SANTA MONICA BLVD — Through the emotional stress and burden of battling breast cancer, Stephanie Philp found a silver lining.
Worried about the financial loss from missing an extensive number of work days during radiation, which typically takes six to eight weeks, the Marina del Rey resident learned she was eligible to receive a revolutionary treatment that would substantially cut down the visits to the doctor.
She is among the first female patients in the United States to have accessed the latest in radiation technology, undergoing a procedure at the Santa Monica Cancer Treatment Center where doctors have relatively recently been using a new applicator that results in a more effective and quicker process, taking days rather than weeks.
Opting for breast brachytherapy — treating internally — instead of whole breast irradiation — external treatment — allowed Philp to continue with her work life uninterrupted, visiting the doctor twice a day for one week.
“It worked out perfectly,” Philp, who manages a physical therapy clinic, said. “I was able to work and do my job and the only issues were more of a mental nature in that it was a stressful time period.”
Part of breast conservation therapy, which involves a lumpectomy — the removal of a tumor and surrounding tissue — and follow-up radiation, the new procedure includes the use of a SAVI applicator, which is made up of multiple catheters that allows a more even dosage of radiation in the breast without scarring the skin. There is a 20-30 percent of the cancer returning without radiation.
“Since there are multiple catheters , we can make it so the skin does not get as much radiation but the target gets the amount we want,” said Dr. David Khan with the Santa Monica Cancer Treatment Center. “The results of this treatment appear to be just as good as conventional external radiation with the advantage of this being far more convenient for the patient.”
The alternative in many cases to breast conservation therapy is the whole breast irradiation, which can be more costly in terms of time taken off from work and travel expenses to find a doctor who performs the treatment.
But the cost isn’t what makes the SAVI a more optimal choice, Khan said.
“The real selling point is that it’s faster and more convenient,” he said.
The center has treated about 10 patients in the year that it has used SAVI. The procedure is said to also have fewer side effects.
Philp, 52, learned about the procedure when doctors told the patient she was eligible because they had caught the cancer early.
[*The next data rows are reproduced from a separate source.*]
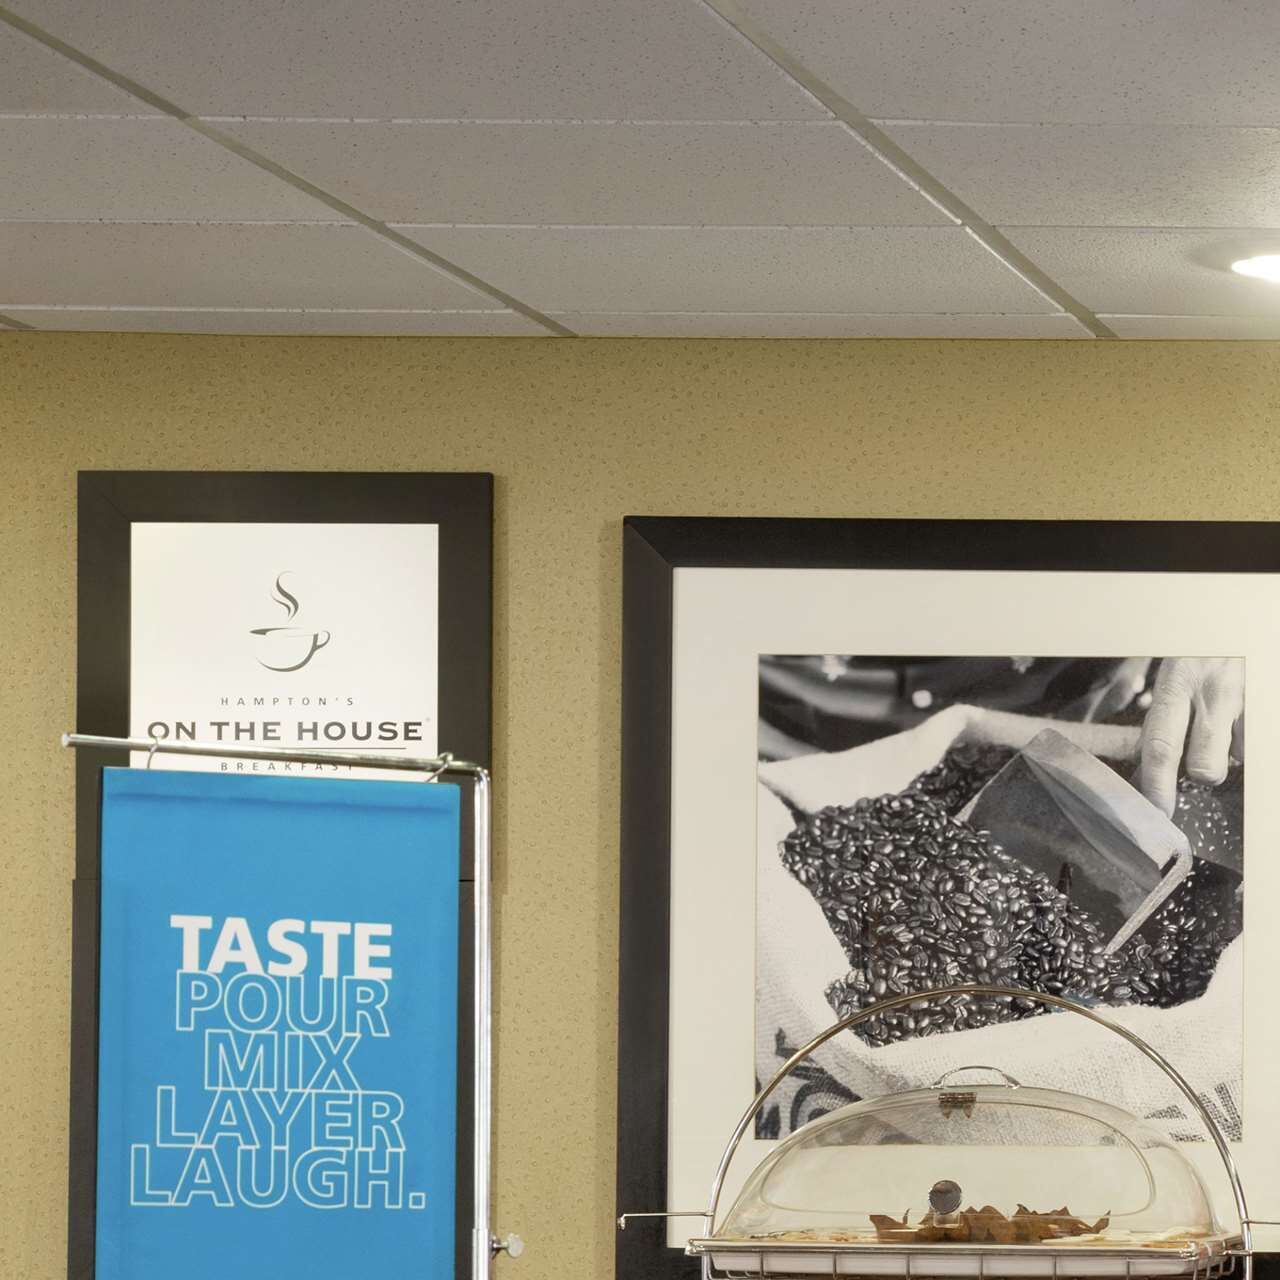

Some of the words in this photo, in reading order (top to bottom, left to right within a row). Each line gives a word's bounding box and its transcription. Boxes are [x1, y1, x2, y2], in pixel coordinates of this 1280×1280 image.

[147, 721, 196, 741] ON
[209, 721, 281, 741] THE
[297, 721, 422, 741] HOUSE
[220, 697, 354, 706] HAMPTON'S
[170, 914, 393, 980] TASTE
[175, 969, 390, 1038] POUR
[204, 1029, 361, 1092] MIX
[156, 1085, 406, 1152] LAYER
[130, 1143, 426, 1210] LAUGH.
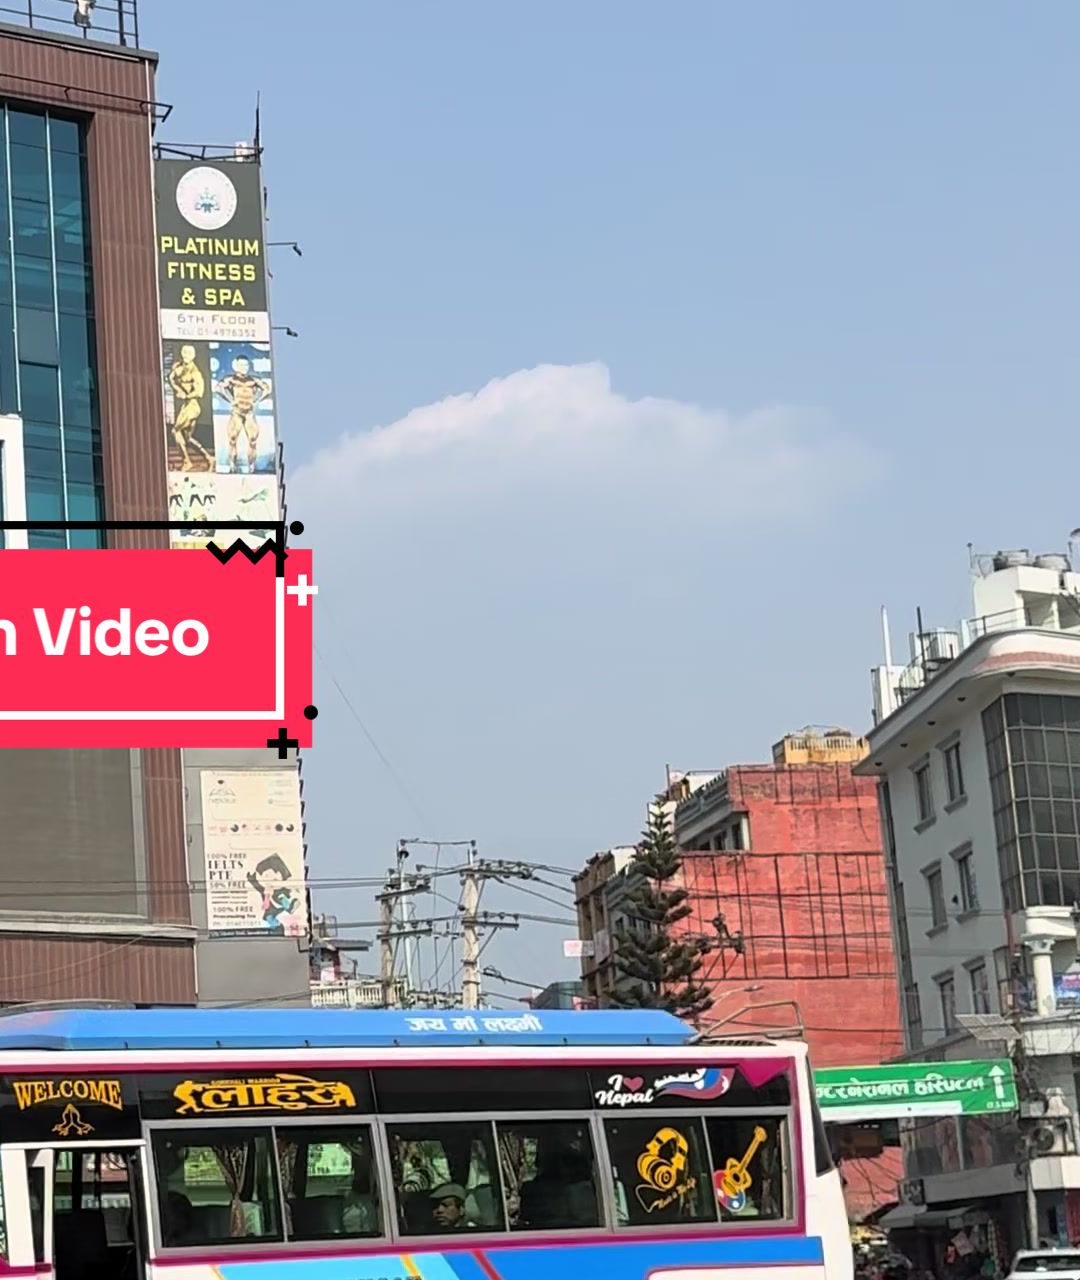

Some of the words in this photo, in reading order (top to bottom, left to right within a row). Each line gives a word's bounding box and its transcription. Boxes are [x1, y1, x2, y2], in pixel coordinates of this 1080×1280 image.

[161, 235, 260, 257] PLATINUM
[167, 261, 256, 282] FITNESS
[181, 287, 196, 305] &
[204, 287, 246, 307] SPA
[608, 1074, 623, 1091] I
[12, 1080, 122, 1111] WELCOME
[595, 1088, 654, 1107] Nepal
She was diagnosed last fall.
The morning and afternoon visits took about an hour each with the actual radiation treatment making up about 10 minutes of the session, she said. “The morning sessions were early, starting around 5 a.m.
“I’m very thankful for what I’ve got,” she said.
Khan said that he believes that the applicator could be used to treat other forms of cancer.
“I think we’re getting to a point in time where we’re trying to put catheters inside tumors rather than treat from the outside,” Khan, who specializes in prostate cancer, said. “We do see this type of treatment occurring in other types of the body.”